Conventional cotton and synthetics can be turned into a rechargeable batteries, and material properties are kept intact. Technology is a further development of the concept of “worn electronics”, where the device is integrated directly into clothing and textiles. Copyright of the design belongs to associate Professor of materials science and engineering at Stanford University (Stanford University) Yui Kyu (Yi Cui), which we mentioned earlier in connection with the supercapacitors based on paper and “ink” made of nanotubes with a single wall. As in the case of capacitors, the fabric is impregnated with “ink”. Recent studies show that allocation (in particular print) electronics on non-traditional surfaces of circuit boards, including flexible and transparent, is not fiction. But integrating it into the fabric is a bit different task.

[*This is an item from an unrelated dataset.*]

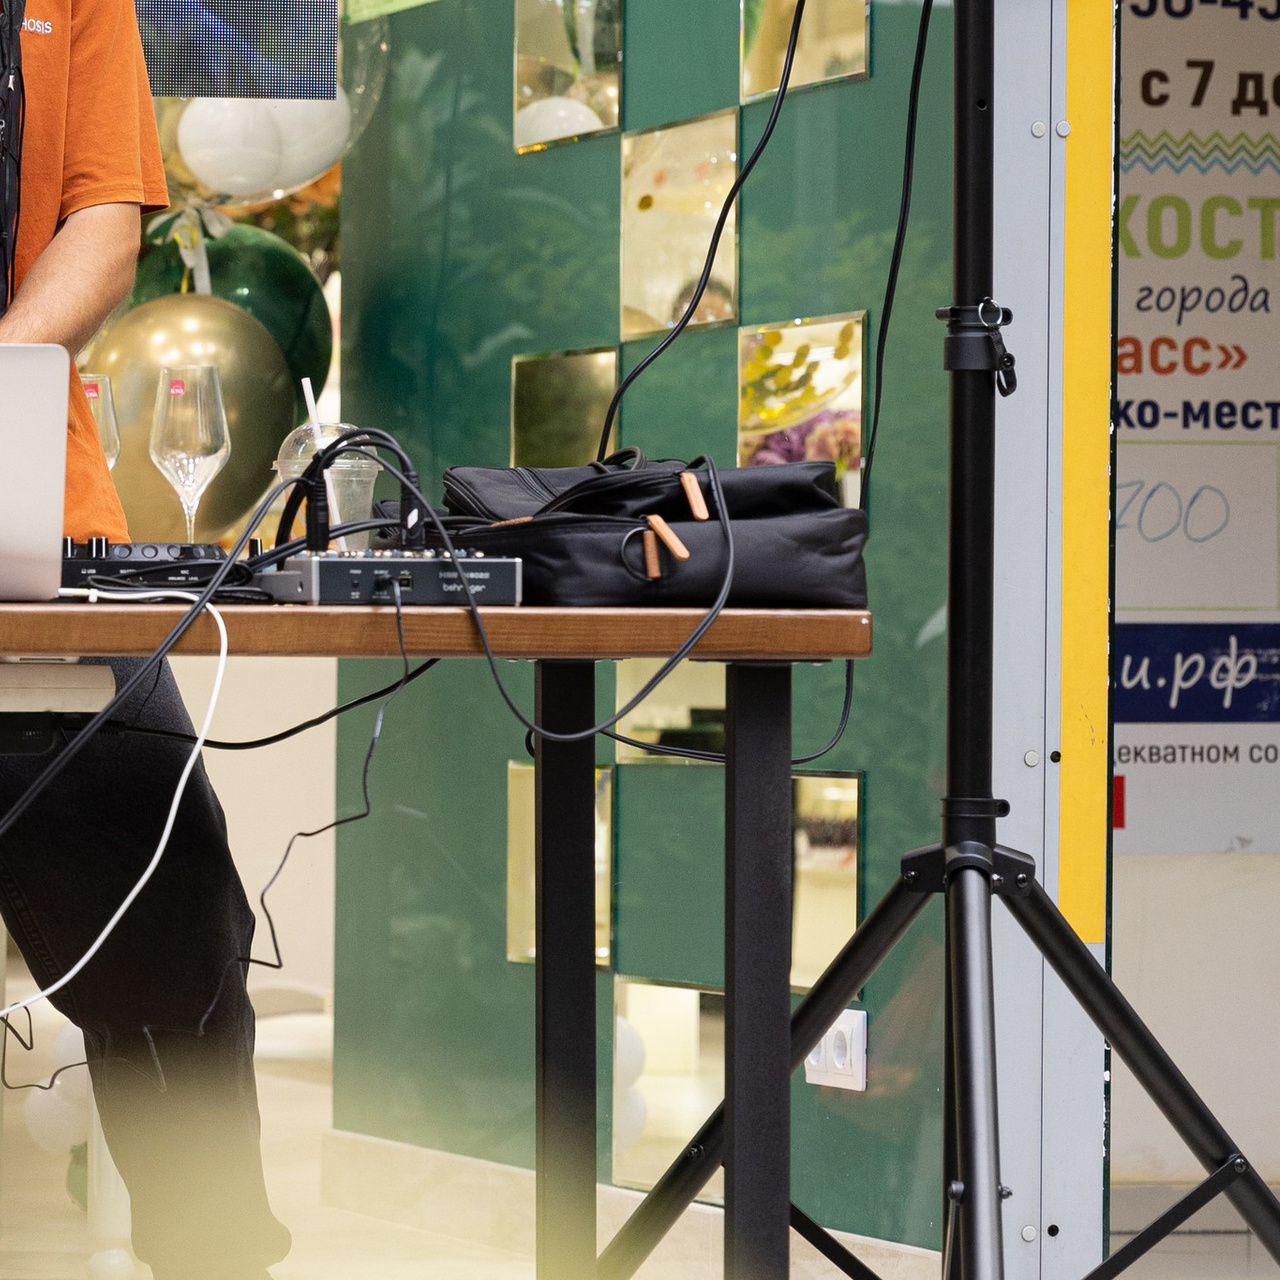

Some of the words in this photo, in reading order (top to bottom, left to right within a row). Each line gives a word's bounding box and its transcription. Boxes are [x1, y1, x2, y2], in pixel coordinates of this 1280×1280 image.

[1141, 70, 1170, 107] с
[1186, 59, 1215, 107] 7
[1136, 274, 1271, 326] города

Kyu with his team demonstrated that the twisted fibers, like paper, can absorb ink and thanks nanotubes to maintain electrical conductivity throughout the material and, respectively, of the garment. Thing is immersed in “dye” and then dried, as is done in the production of colored fabrics. It is argued that even rinsing in water does not change the acquired properties, and the number of charge cycles created from the fabric of the supercapacitor can reach a million. Next target are the materials that store more energy, and replacement of nanotubes are potentially cheaper graphene. Possibly by combining nanotubes and other materials scientists ever present worn solar cells.